* _ABOUT THIS EXERCISE_
Everything in the data gets repeated exactly, except for the pictures.

* _EXTRACTED INFORMATION_
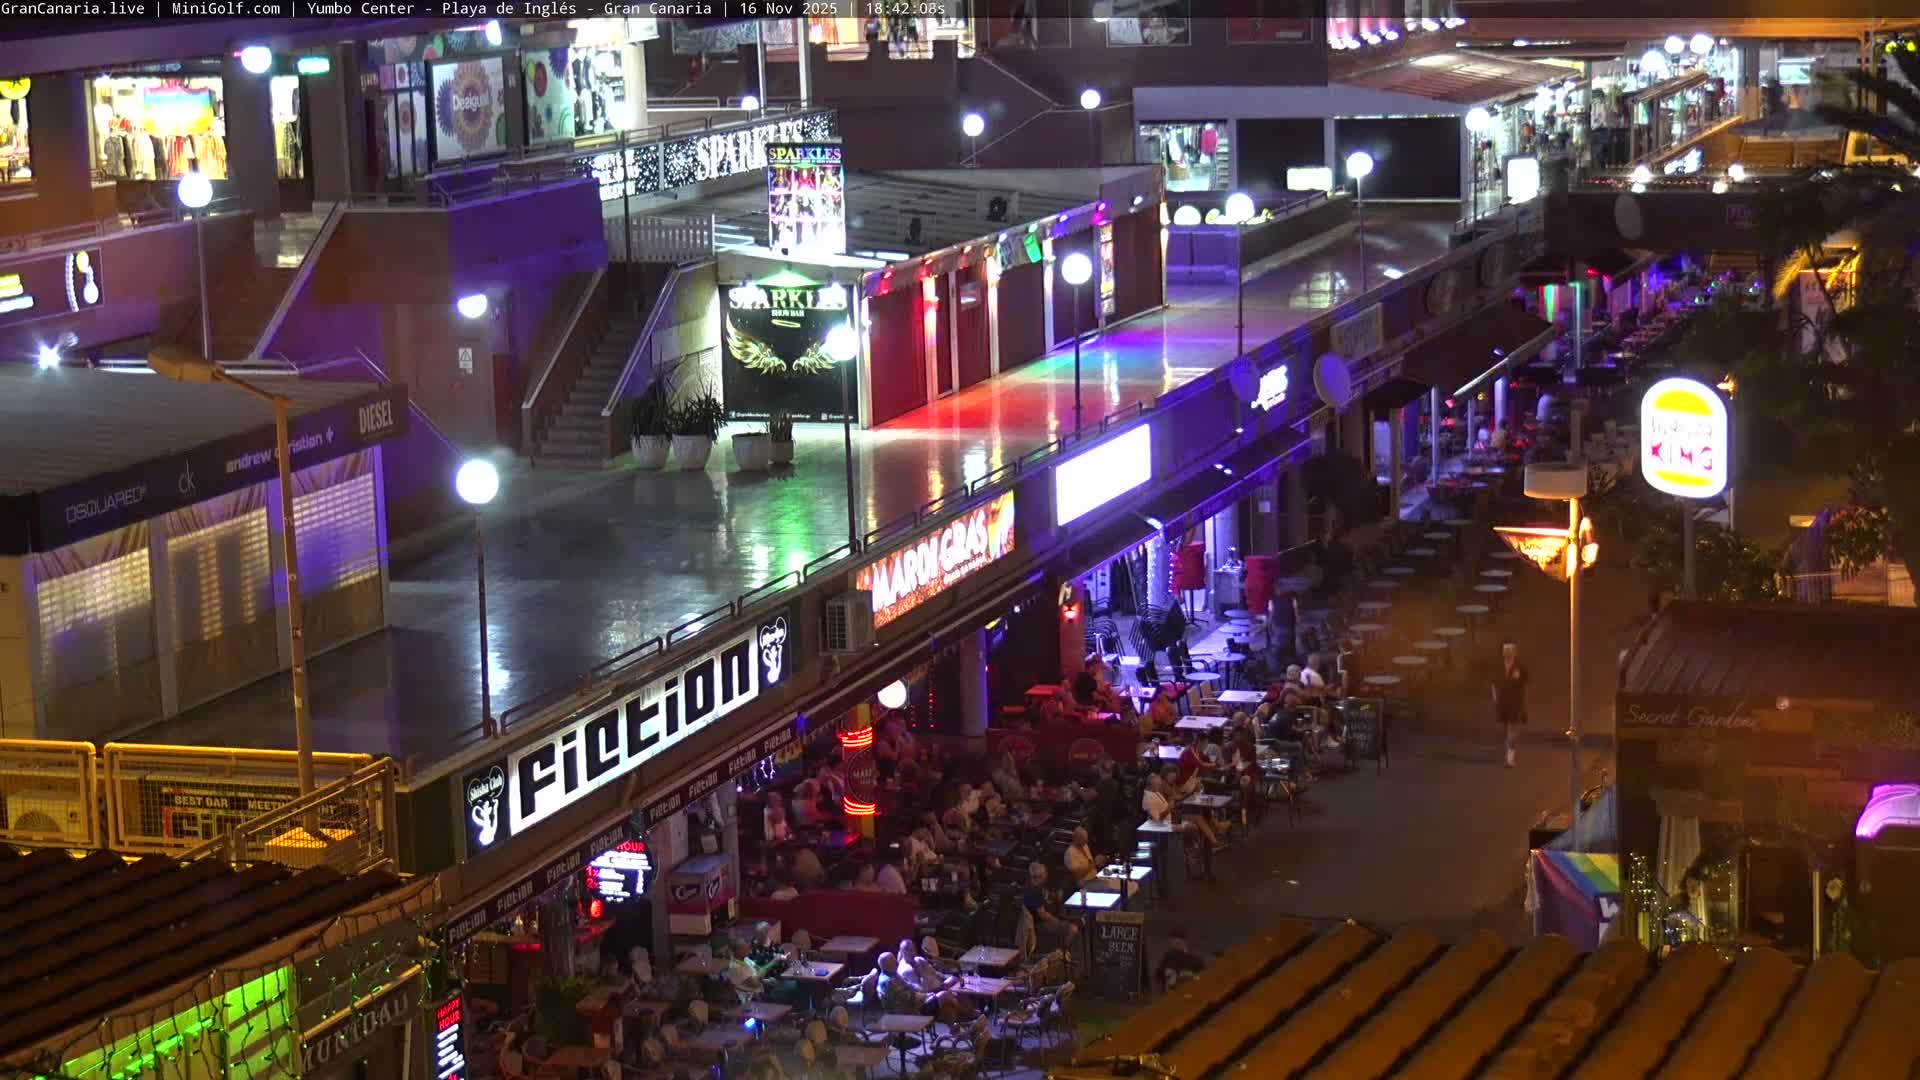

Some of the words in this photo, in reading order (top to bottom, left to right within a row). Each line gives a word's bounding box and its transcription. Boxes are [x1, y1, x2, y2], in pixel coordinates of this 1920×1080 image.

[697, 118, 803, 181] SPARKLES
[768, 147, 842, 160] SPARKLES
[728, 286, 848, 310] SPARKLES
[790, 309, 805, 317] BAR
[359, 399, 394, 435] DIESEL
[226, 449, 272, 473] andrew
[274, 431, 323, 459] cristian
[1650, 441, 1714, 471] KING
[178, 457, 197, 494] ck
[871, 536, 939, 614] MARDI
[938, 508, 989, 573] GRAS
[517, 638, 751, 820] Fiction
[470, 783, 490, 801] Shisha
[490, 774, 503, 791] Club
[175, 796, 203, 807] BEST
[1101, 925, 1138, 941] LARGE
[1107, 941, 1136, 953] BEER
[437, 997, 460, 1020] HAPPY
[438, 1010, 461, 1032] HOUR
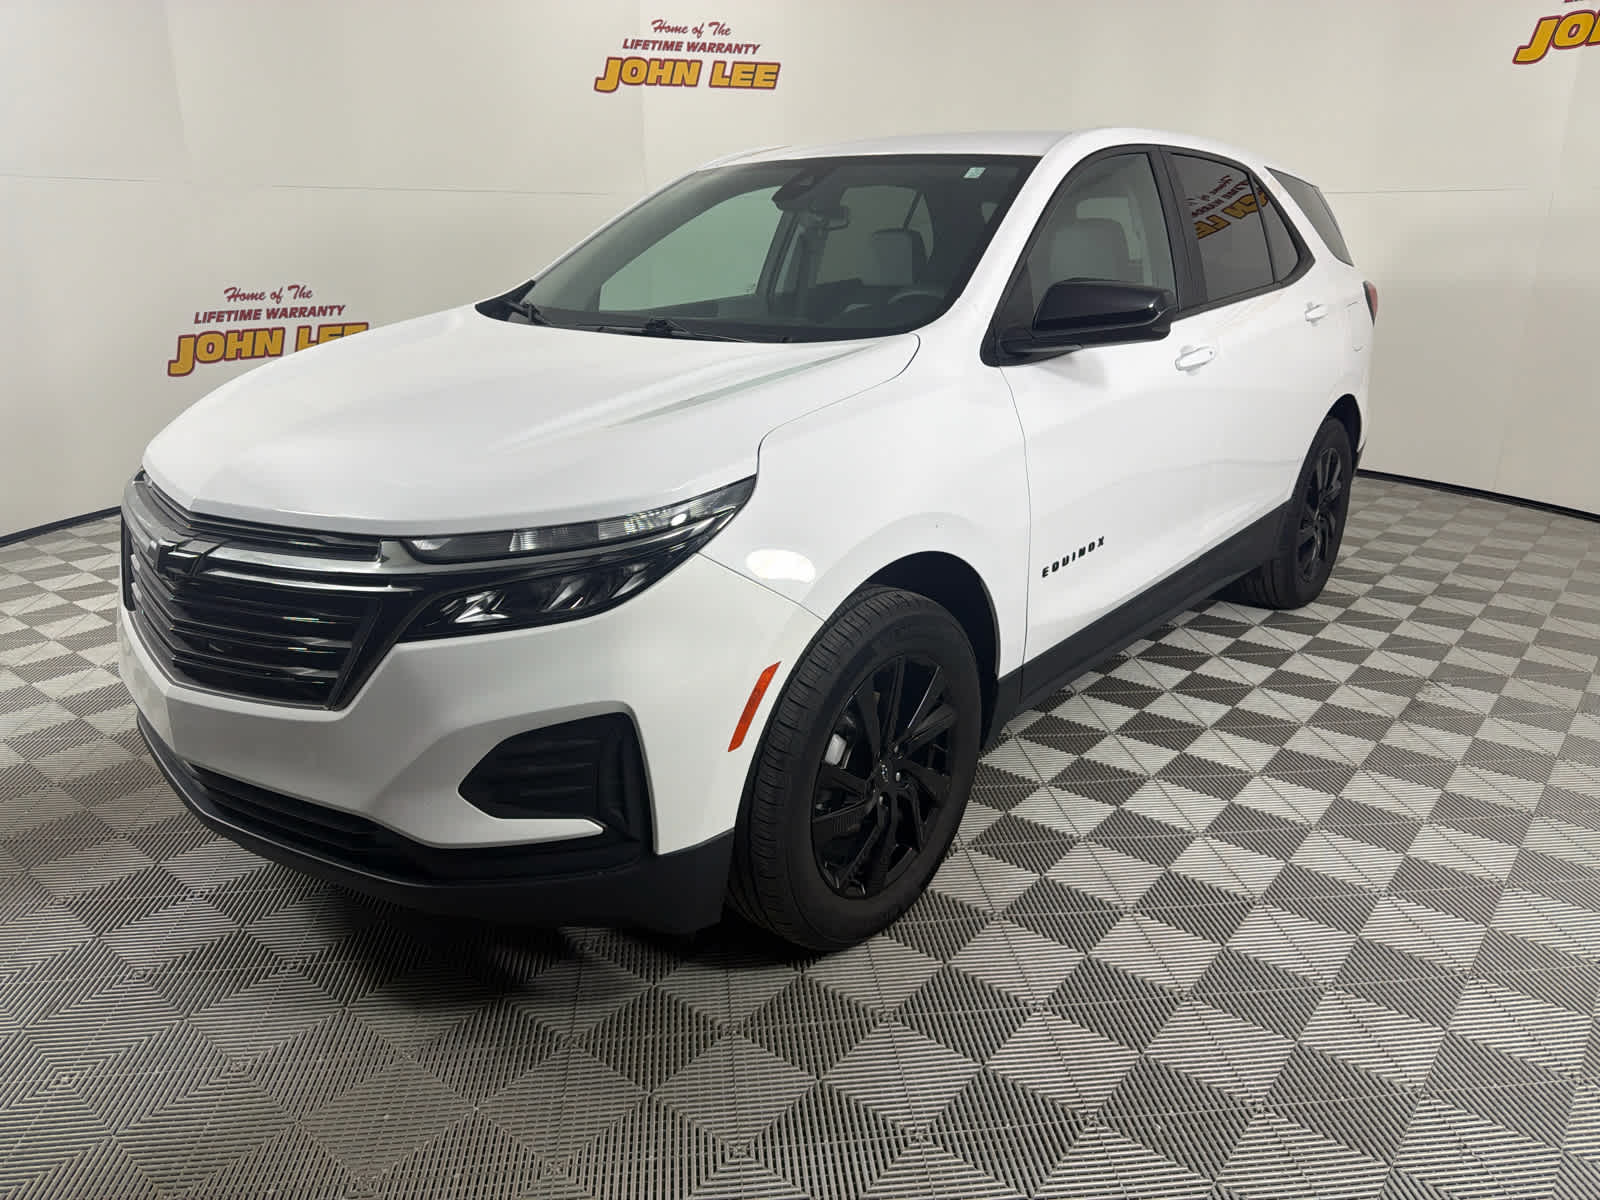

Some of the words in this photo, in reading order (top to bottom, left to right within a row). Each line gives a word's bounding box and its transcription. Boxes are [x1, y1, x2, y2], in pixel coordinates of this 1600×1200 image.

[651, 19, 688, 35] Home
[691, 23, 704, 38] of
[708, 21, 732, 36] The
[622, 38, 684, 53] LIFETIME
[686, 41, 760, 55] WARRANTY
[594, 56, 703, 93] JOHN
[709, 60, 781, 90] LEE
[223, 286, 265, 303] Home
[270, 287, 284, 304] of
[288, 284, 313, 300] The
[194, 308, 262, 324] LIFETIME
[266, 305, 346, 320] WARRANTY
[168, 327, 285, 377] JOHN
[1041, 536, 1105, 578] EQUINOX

* _RESULT_
Some of the words in this photo, in reading order (top to bottom, left to right within a row). Each line gives a word's bounding box and its transcription. Boxes are [x1, y1, x2, y2], in pixel coordinates of this 1920×1080 image.

[697, 118, 803, 181] SPARKLES
[768, 147, 842, 160] SPARKLES
[728, 286, 848, 310] SPARKLES
[790, 309, 805, 317] BAR
[359, 399, 394, 435] DIESEL
[226, 449, 272, 473] andrew
[274, 431, 323, 459] cristian
[1650, 441, 1714, 471] KING
[178, 457, 197, 494] ck
[871, 536, 939, 614] MARDI
[938, 508, 989, 573] GRAS
[517, 638, 751, 820] Fiction
[470, 783, 490, 801] Shisha
[490, 774, 503, 791] Club
[175, 796, 203, 807] BEST
[1101, 925, 1138, 941] LARGE
[1107, 941, 1136, 953] BEER
[437, 997, 460, 1020] HAPPY
[438, 1010, 461, 1032] HOUR

Some of the words in this photo, in reading order (top to bottom, left to right within a row). Each line gives a word's bounding box and its transcription. Boxes are [x1, y1, x2, y2], in pixel coordinates of this 1600×1200 image.

[651, 19, 688, 35] Home
[691, 23, 704, 38] of
[708, 21, 732, 36] The
[622, 38, 684, 53] LIFETIME
[686, 41, 760, 55] WARRANTY
[594, 56, 703, 93] JOHN
[709, 60, 781, 90] LEE
[223, 286, 265, 303] Home
[270, 287, 284, 304] of
[288, 284, 313, 300] The
[194, 308, 262, 324] LIFETIME
[266, 305, 346, 320] WARRANTY
[168, 327, 285, 377] JOHN
[1041, 536, 1105, 578] EQUINOX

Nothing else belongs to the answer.